In the days leading up to her reading, I found myself quickly enamored with Segal’s writing. A Pulitzer Prize finalist (an experience she described as “Irritating. You don’t want to be a finalist; you want to win it.”), she was described by the New York Times as “closer than anyone to writing the Great American Novel.” Segal’s success enchanted me. Then, come Wednesday morning, I found myself sitting in the breakfast room of the Middlebury Inn with Segal, her daughter, and a list of finely crafted questions about life and writing.
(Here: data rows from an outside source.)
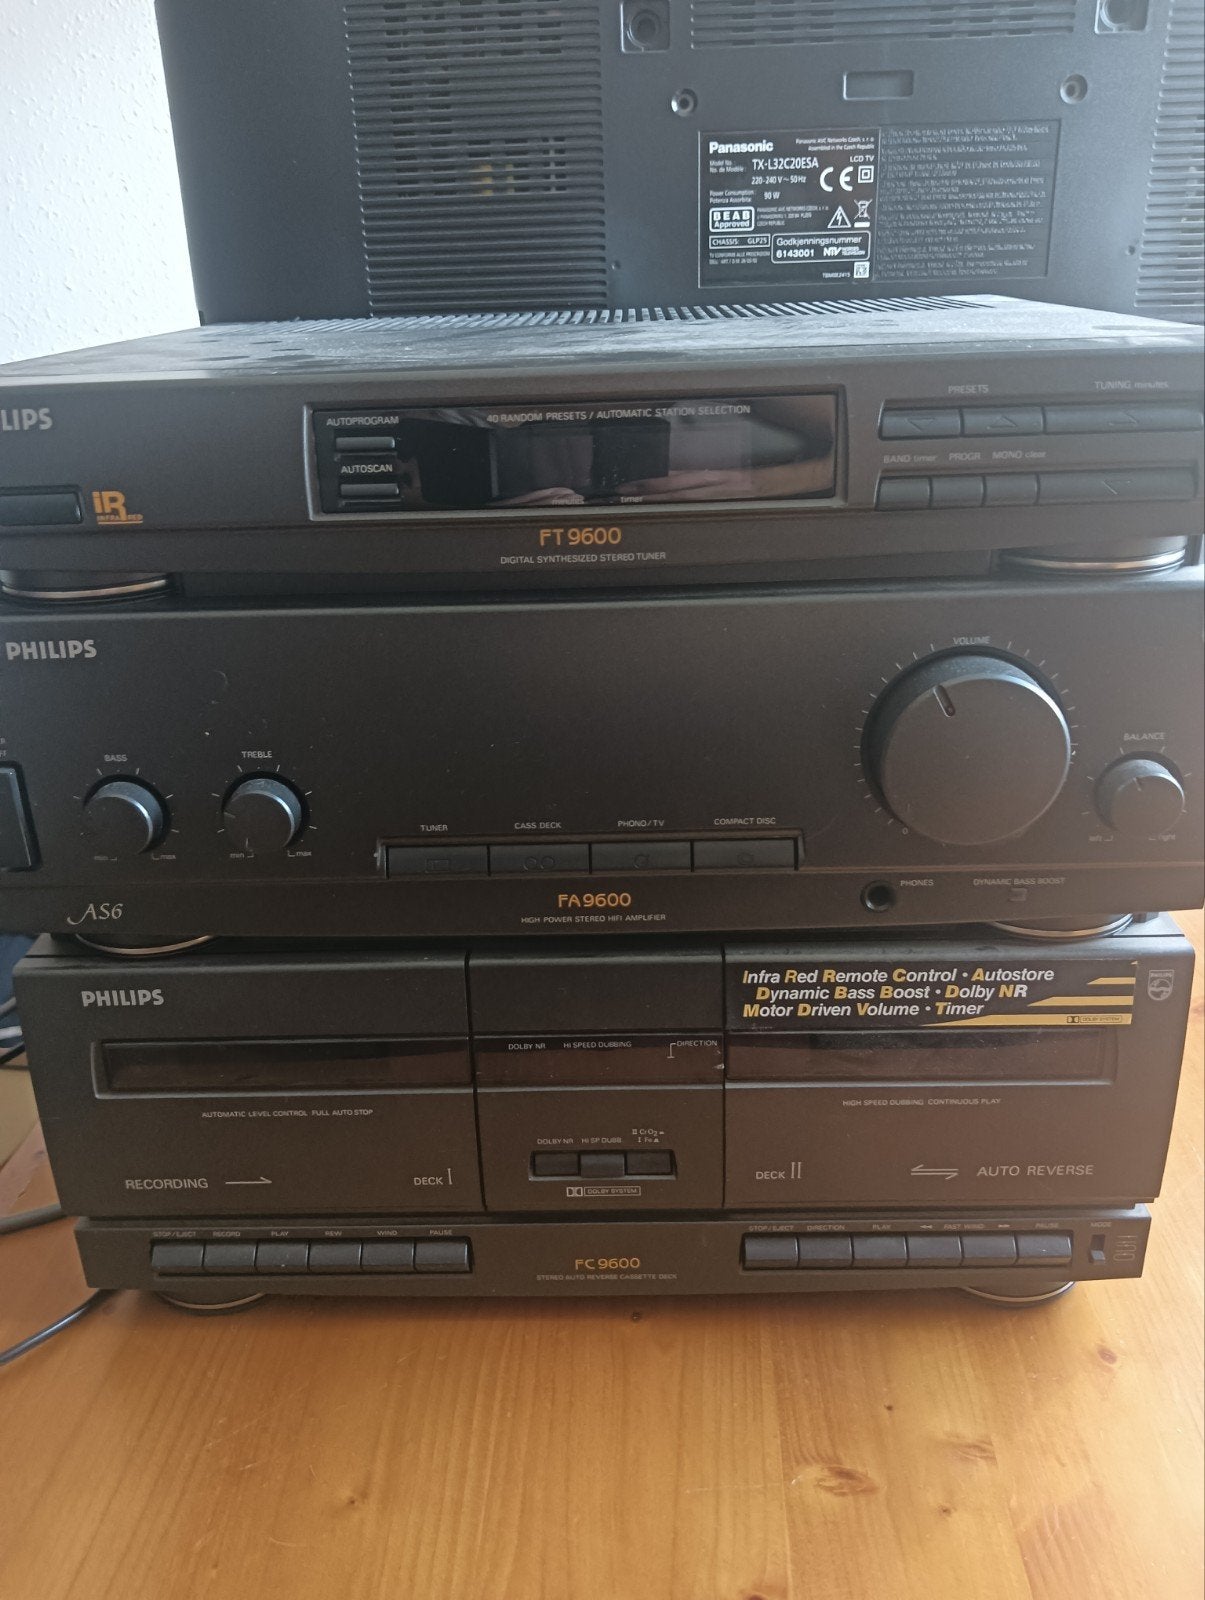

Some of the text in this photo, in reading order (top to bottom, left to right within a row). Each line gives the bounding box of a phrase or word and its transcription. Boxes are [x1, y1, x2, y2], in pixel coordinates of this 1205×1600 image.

[709, 139, 774, 154] Panasonic
[865, 154, 875, 162] TV
[751, 156, 819, 171] TX-L32C20ESA
[751, 176, 777, 185] 220-240
[820, 165, 854, 193] CE
[764, 191, 780, 200] 90 W
[713, 210, 751, 221] BEAB
[714, 220, 750, 230] Approved
[776, 236, 862, 247] Godkjenningsnummer
[776, 248, 814, 258] 6143001
[948, 384, 989, 395] PRESETS
[1094, 379, 1169, 390] TUNING minutes
[486, 414, 499, 423] 40
[500, 412, 543, 423] RANDOM
[545, 411, 587, 421] PRESETS
[596, 408, 652, 419] AUTOMATIC
[655, 406, 696, 417] STATION
[697, 405, 751, 415] SELECTION
[326, 415, 400, 427] AUTOPROGRAM
[883, 454, 938, 463] BAND timer
[948, 452, 981, 461] PROGR
[992, 449, 1047, 460] MONO clear
[340, 463, 393, 474] AUTOSCAN
[620, 496, 643, 504] timer
[92, 490, 128, 522] IR
[500, 551, 667, 565] DIGITAL SYNTHESIZED STEREO TUNER
[953, 635, 991, 646] VOLUME
[5, 639, 98, 660] PHILIPS
[1123, 732, 1166, 742] BALANCE
[104, 754, 128, 762] BASS
[241, 750, 273, 759] TREBLE
[514, 821, 562, 830] CASS DECK
[617, 819, 665, 829] PHONO/TV
[714, 816, 777, 826] COMPACT DISC
[420, 823, 449, 832] TUNER
[160, 853, 177, 861] max
[229, 851, 245, 859] min
[295, 849, 312, 858] max
[900, 879, 934, 888] PHONES
[973, 876, 1066, 887] DYNAMIC BASS BOOST
[66, 902, 124, 925] AS6
[520, 913, 667, 924] HIGH POWER STEREO HIFI AMPLIFIER
[742, 967, 1055, 985] Infra Red Remote Control Autostore
[81, 988, 165, 1008] PHILIPS
[755, 983, 1028, 1003] Dynamic Bass Boost Dolby NR
[742, 1001, 985, 1019] Motor Driven Volume Timer
[508, 1042, 546, 1051] DOLBY NR
[573, 1041, 597, 1049] SPEED
[598, 1040, 633, 1049] DUBBING
[676, 1038, 719, 1047] DIRECTION
[842, 1097, 1002, 1107] HIGH SPEED DUBBING CONTINUOUS PLAY
[201, 1107, 374, 1119] AUTOMATIC LEVEL CONTROL FULL AUTO STOP
[590, 1136, 601, 1144] SP
[601, 1136, 622, 1144] DUBB
[755, 1170, 786, 1181] DECK
[976, 1164, 1095, 1178] AUTO REVERSE
[125, 1178, 209, 1191] RECORDING
[413, 1176, 444, 1187] DECK
[587, 1187, 639, 1196] DOLBY SYSTEM
[806, 1223, 846, 1232] DIRECTION
[872, 1223, 892, 1231] PLAY
[943, 1222, 961, 1231] FAST
[1035, 1221, 1060, 1230] PAUSE
[212, 1230, 241, 1238] RECORD
[270, 1230, 289, 1238] PLAY
[429, 1228, 453, 1236] PAUSE
[536, 1272, 678, 1282] STEREO AUTO REVERSE CASSETTE DECK
I pulled out my phone to make a recording, in part for reference but in large part for posterity.
Her thoughts on writing were much as one might expect from the writerly sort. “The real experience is the act of getting the words right so it means what I want it to mean.” She explained in a few different ways throughout our conversation. She made a point that writing is her goal, rather than some reward like, say, the Pulitzer Prize. “I’ll tell you what the satisfaction is in my writing. You get a review and somebody both likes it and understood what you meant,” with an emphasis on the latter half of that equation.
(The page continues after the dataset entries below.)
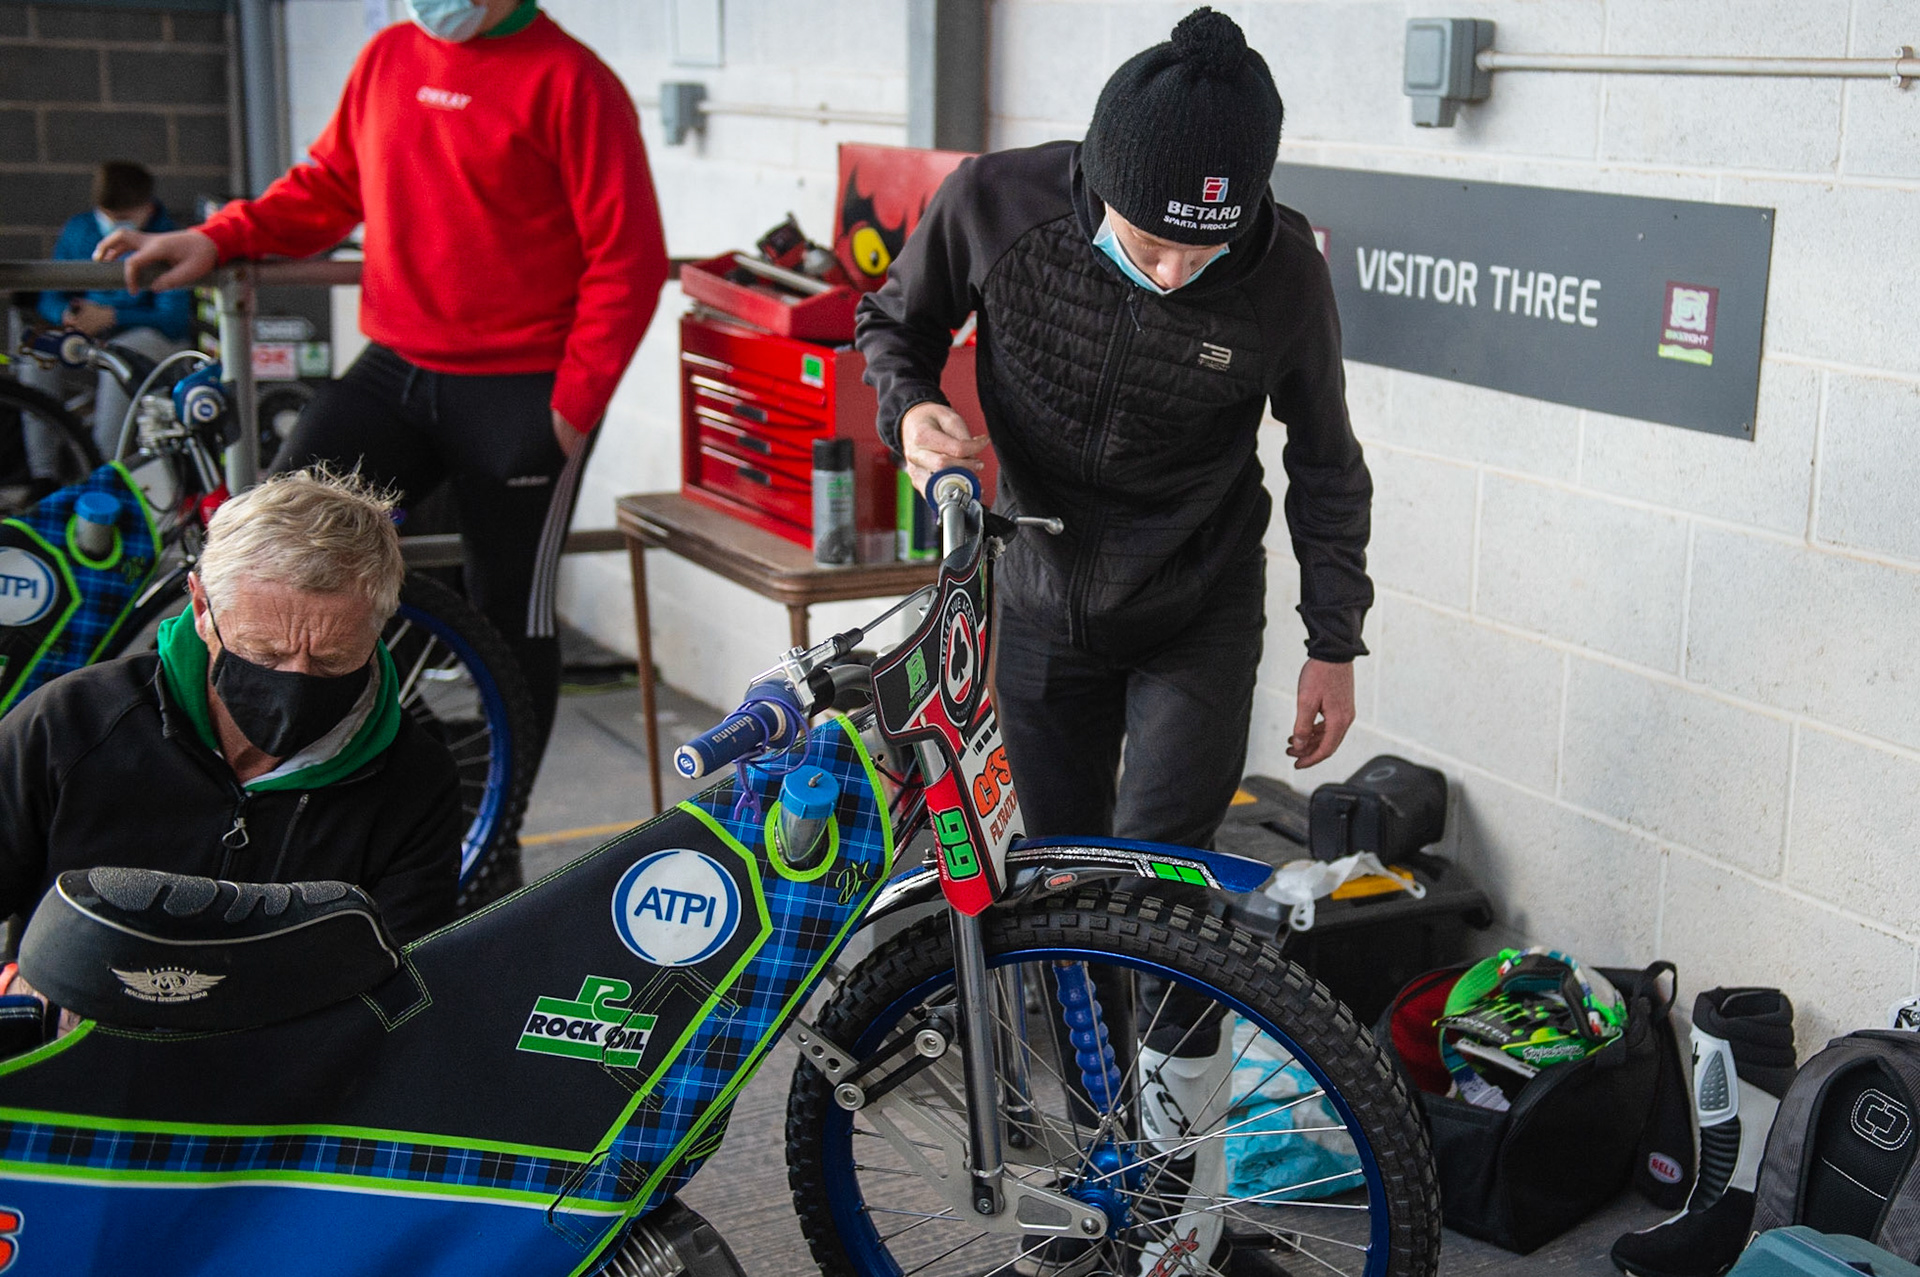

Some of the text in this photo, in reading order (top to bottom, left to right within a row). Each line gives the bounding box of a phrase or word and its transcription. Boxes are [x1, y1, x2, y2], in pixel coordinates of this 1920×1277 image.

[1163, 214, 1198, 230] SPARTA
[1167, 200, 1241, 221] BETARD
[1356, 246, 1602, 327] VISITOR THREE
[0, 572, 39, 599] TPI
[711, 714, 756, 744] domino
[633, 886, 717, 928] ATPI
[526, 1013, 645, 1051] ROCK OIL
[1651, 1157, 1676, 1179] BELL
Before long, our conversation turned towards deeper questions. In reference to the state of the world, she said, “People argue with me and say the world is growing kinder and I think that’s probably true too but the rotten part is as healthy as it ever was and will continue to be so. I don’t think we’re improving, I don’t think we’re getting any worse. I think this is how we are.” Without the belief that the world can get better, I, perhaps naïvely, wondered aloud how she found meaning in her life. “Meaning?” she said, “Do you need it to have meaning? ... I enjoy life! My goodness look how pretty it is out there!” and she pointed out the window to a warm, gray morning.
I was similarly rebuffed when asking about her legacy. “I don’t understand about legacy. I would like to be remembered forever. Ah! Big deal!” she rattled out in her sharp, kind accent. “Is my life only worthwhile if I’m remembered? It’s worthwhile because it’s interesting. It’s like my little student who would like to get that first story into a magazine,” she then tells me, referencing an earlier point in the conversation when we discussed young writers. “It doesn’t change your life. It doesn’t make you into whatever it is you’d like to be.”
What does make you into whatever it is you’d like to be? “Writing a good sentence. A good sentence where the words fit and describe precisely and powerfully what the sentence is about. That’s really what I want to do.”
She sent me off, teasing, “I hope your life is meaningful and you leave a good legacy …. And I hope you write truthful sentences. I hope your words mean what you mean. That’s what I really meant.”